**Your task**
From the data below, return all lines holding the string "QUẢNG".

**Stored data entries**
━━━━━━━━━━━━━━━━━━━━
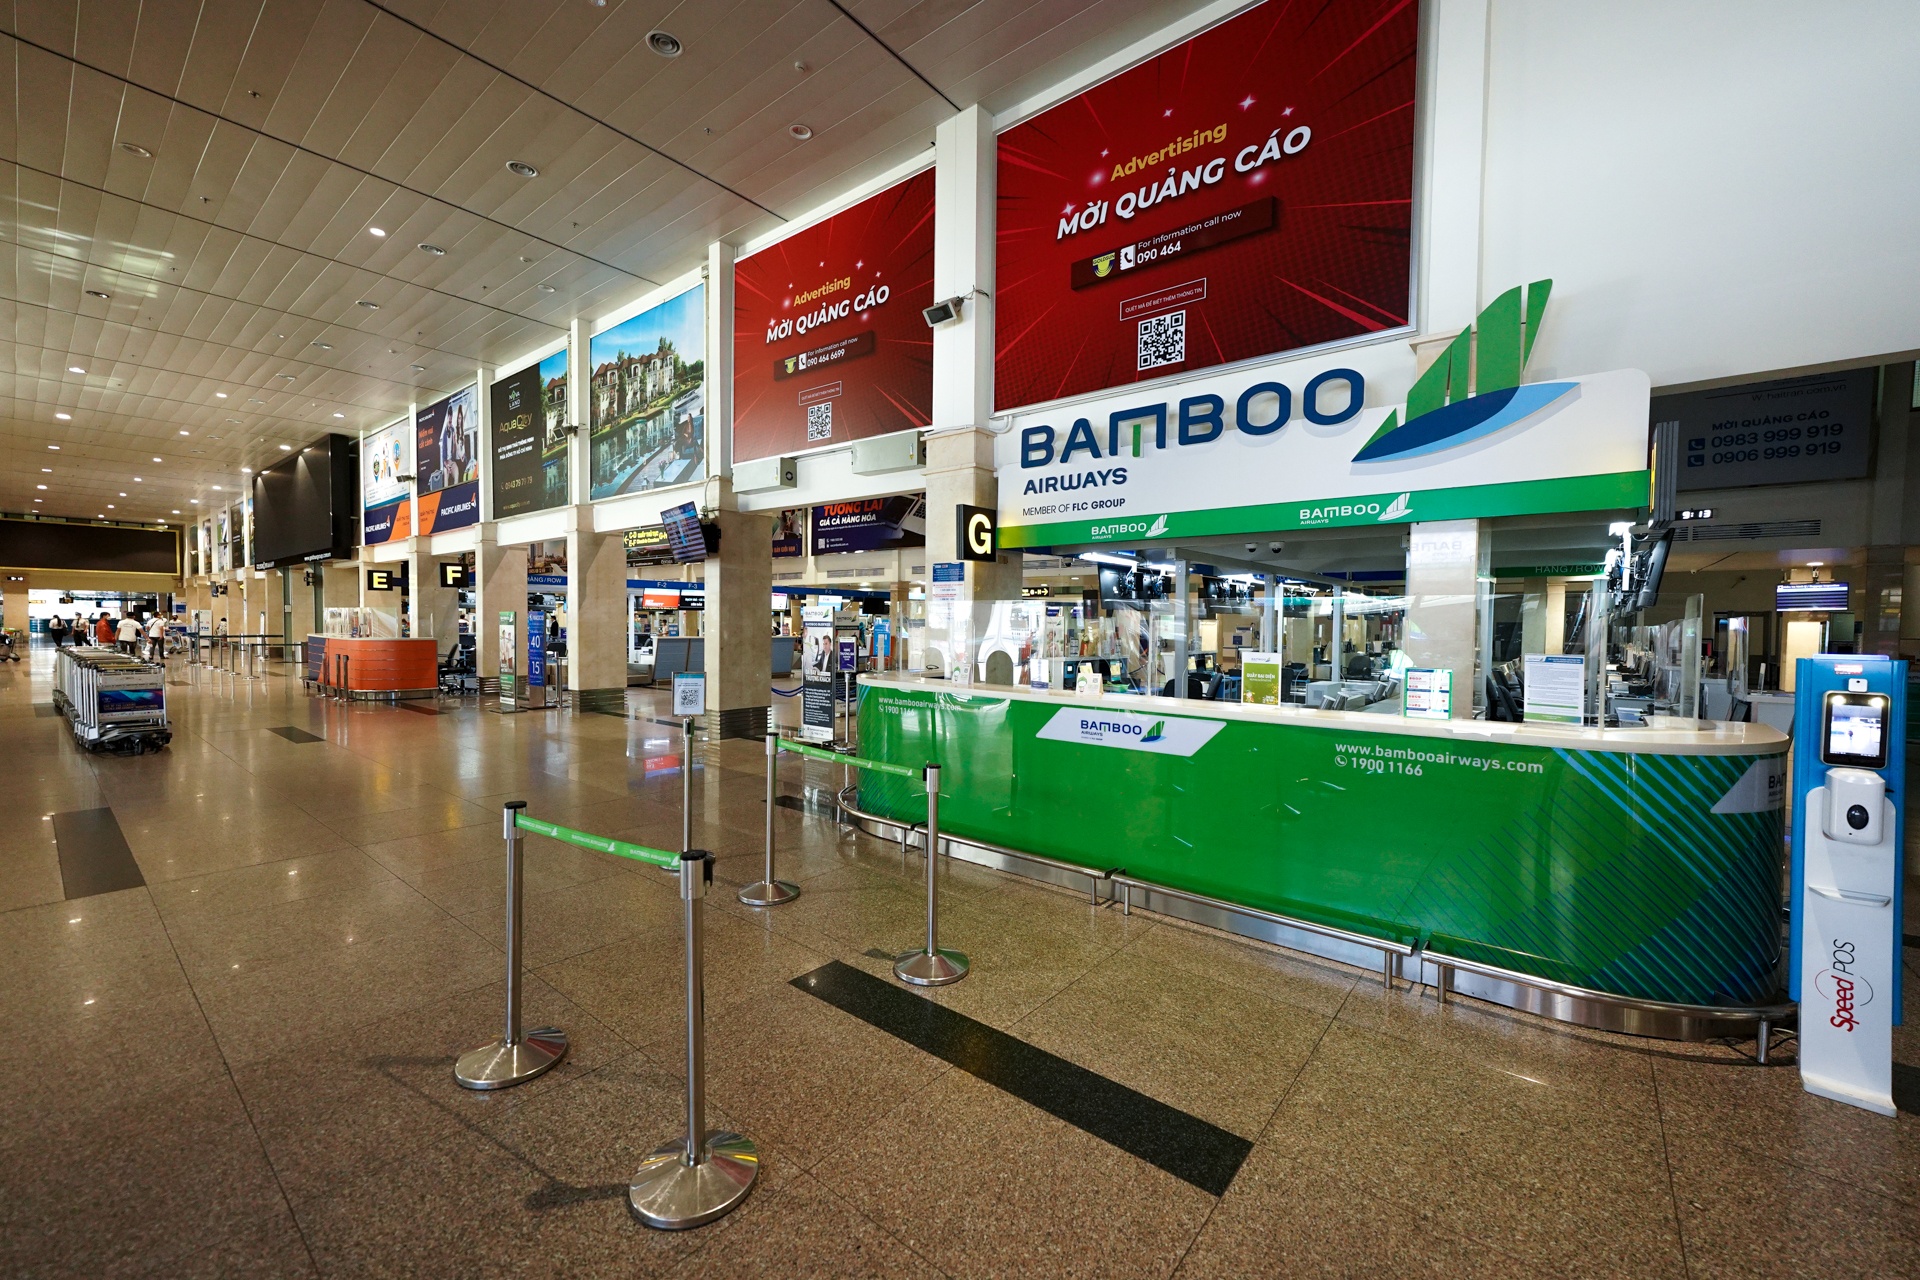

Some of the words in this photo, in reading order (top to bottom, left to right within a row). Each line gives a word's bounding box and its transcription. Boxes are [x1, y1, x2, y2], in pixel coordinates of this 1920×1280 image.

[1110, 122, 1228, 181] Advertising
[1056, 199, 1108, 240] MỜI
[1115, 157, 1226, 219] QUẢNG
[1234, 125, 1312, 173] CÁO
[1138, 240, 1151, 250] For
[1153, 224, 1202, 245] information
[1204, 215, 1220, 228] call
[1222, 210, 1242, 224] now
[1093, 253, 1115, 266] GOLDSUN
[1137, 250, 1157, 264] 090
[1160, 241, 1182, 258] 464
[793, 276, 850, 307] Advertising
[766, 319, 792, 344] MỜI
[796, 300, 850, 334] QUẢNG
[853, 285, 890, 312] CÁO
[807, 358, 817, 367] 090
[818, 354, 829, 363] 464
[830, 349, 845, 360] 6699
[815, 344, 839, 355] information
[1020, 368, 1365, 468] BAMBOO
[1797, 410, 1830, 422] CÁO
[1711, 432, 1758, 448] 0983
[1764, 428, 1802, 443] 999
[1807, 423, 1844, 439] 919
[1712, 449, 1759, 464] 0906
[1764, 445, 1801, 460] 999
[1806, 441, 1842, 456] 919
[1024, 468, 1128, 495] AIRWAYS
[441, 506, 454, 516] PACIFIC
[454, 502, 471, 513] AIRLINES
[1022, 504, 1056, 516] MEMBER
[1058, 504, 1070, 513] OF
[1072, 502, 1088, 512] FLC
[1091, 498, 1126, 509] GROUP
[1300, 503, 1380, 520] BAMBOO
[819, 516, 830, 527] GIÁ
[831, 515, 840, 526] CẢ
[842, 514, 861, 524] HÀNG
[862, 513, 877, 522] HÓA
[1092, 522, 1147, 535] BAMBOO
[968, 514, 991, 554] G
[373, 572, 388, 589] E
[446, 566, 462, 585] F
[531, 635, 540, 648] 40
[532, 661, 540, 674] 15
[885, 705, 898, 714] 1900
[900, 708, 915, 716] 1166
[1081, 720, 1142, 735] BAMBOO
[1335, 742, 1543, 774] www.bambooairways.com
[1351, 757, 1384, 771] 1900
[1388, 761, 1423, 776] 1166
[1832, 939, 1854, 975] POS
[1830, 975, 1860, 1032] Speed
━━━━━━━━━━━━━━━━━━━━
**Solution**
[1115, 157, 1226, 219] QUẢNG
[796, 300, 850, 334] QUẢNG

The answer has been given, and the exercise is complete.